Task prompt:
Reproduce every line of the material below, but drop the pictures.

Material provided:
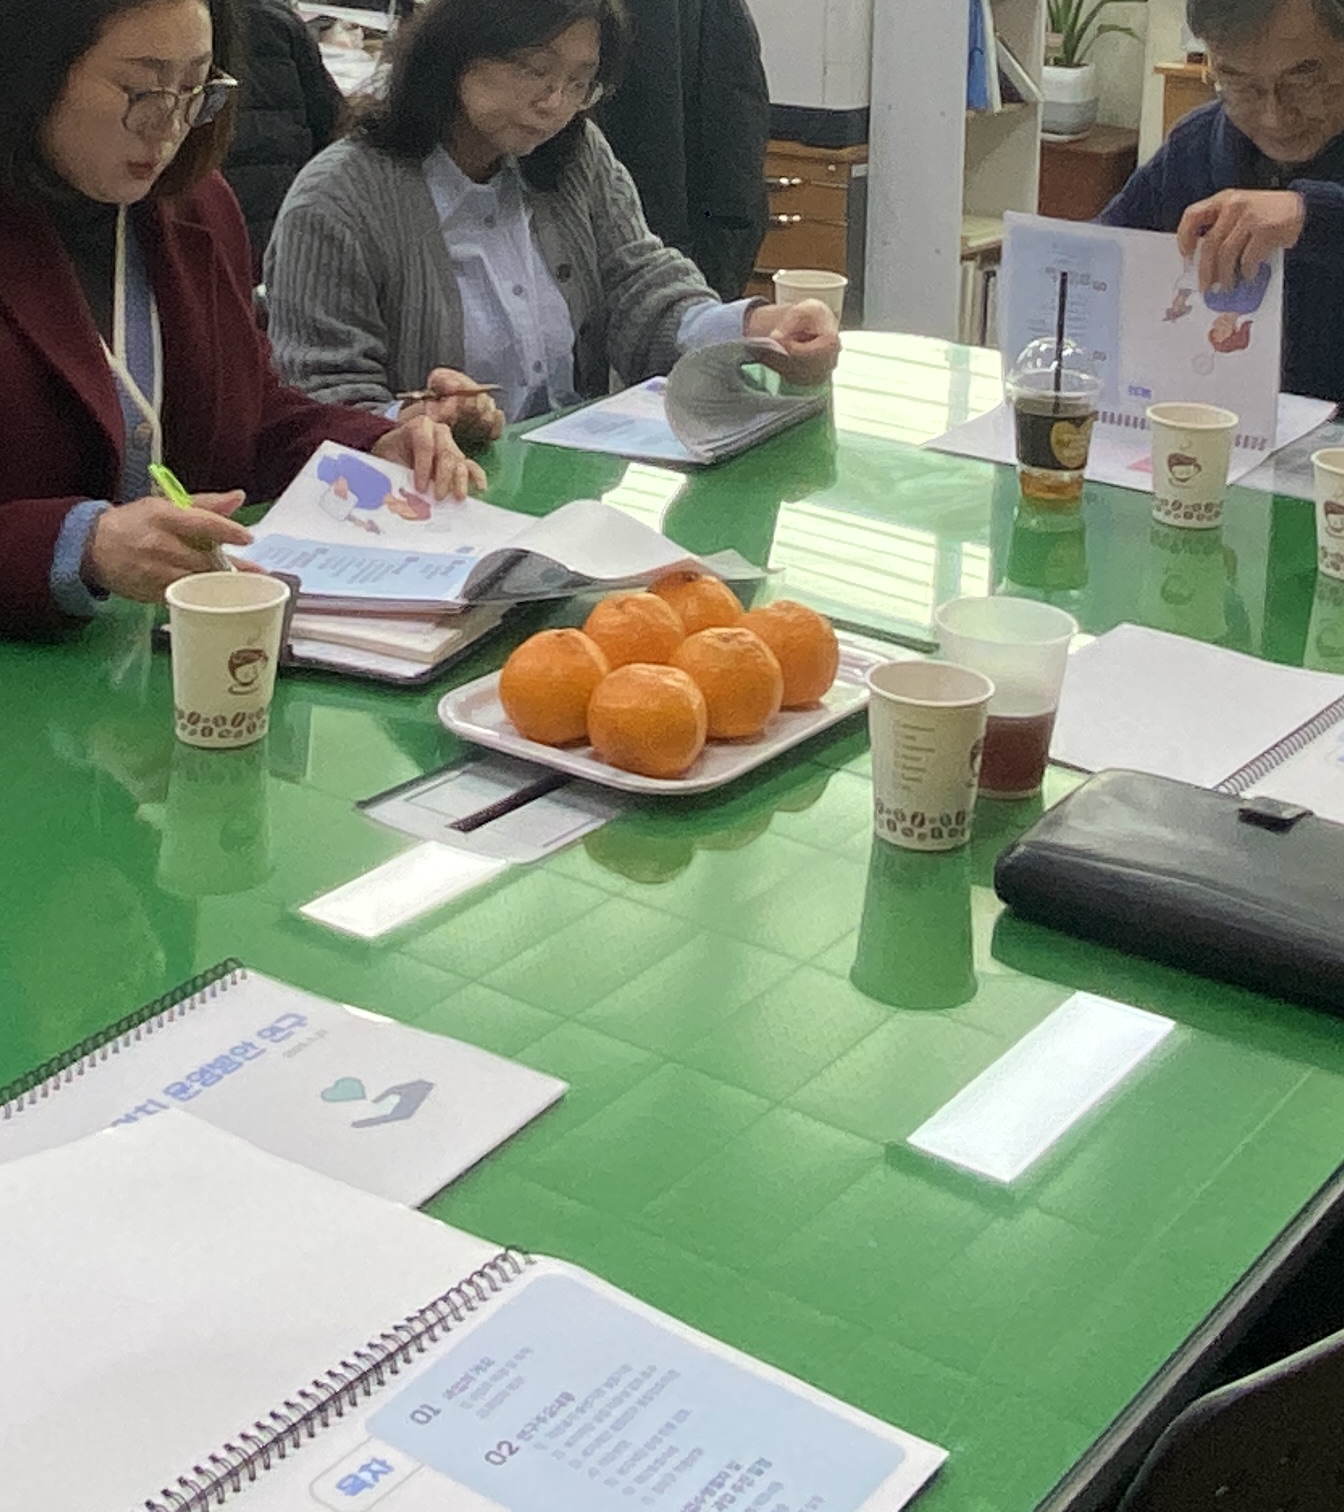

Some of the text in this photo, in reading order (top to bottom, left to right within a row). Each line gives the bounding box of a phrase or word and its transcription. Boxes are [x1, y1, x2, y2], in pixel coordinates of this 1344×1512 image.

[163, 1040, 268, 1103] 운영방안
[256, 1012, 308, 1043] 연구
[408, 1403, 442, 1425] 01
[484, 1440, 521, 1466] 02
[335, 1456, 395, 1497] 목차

Exercise response:
Some of the text in this photo, in reading order (top to bottom, left to right within a row). Each line gives the bounding box of a phrase or word and its transcription. Boxes are [x1, y1, x2, y2], in pixel coordinates of this 1344×1512 image.

[163, 1040, 268, 1103] 운영방안
[256, 1012, 308, 1043] 연구
[408, 1403, 442, 1425] 01
[484, 1440, 521, 1466] 02
[335, 1456, 395, 1497] 목차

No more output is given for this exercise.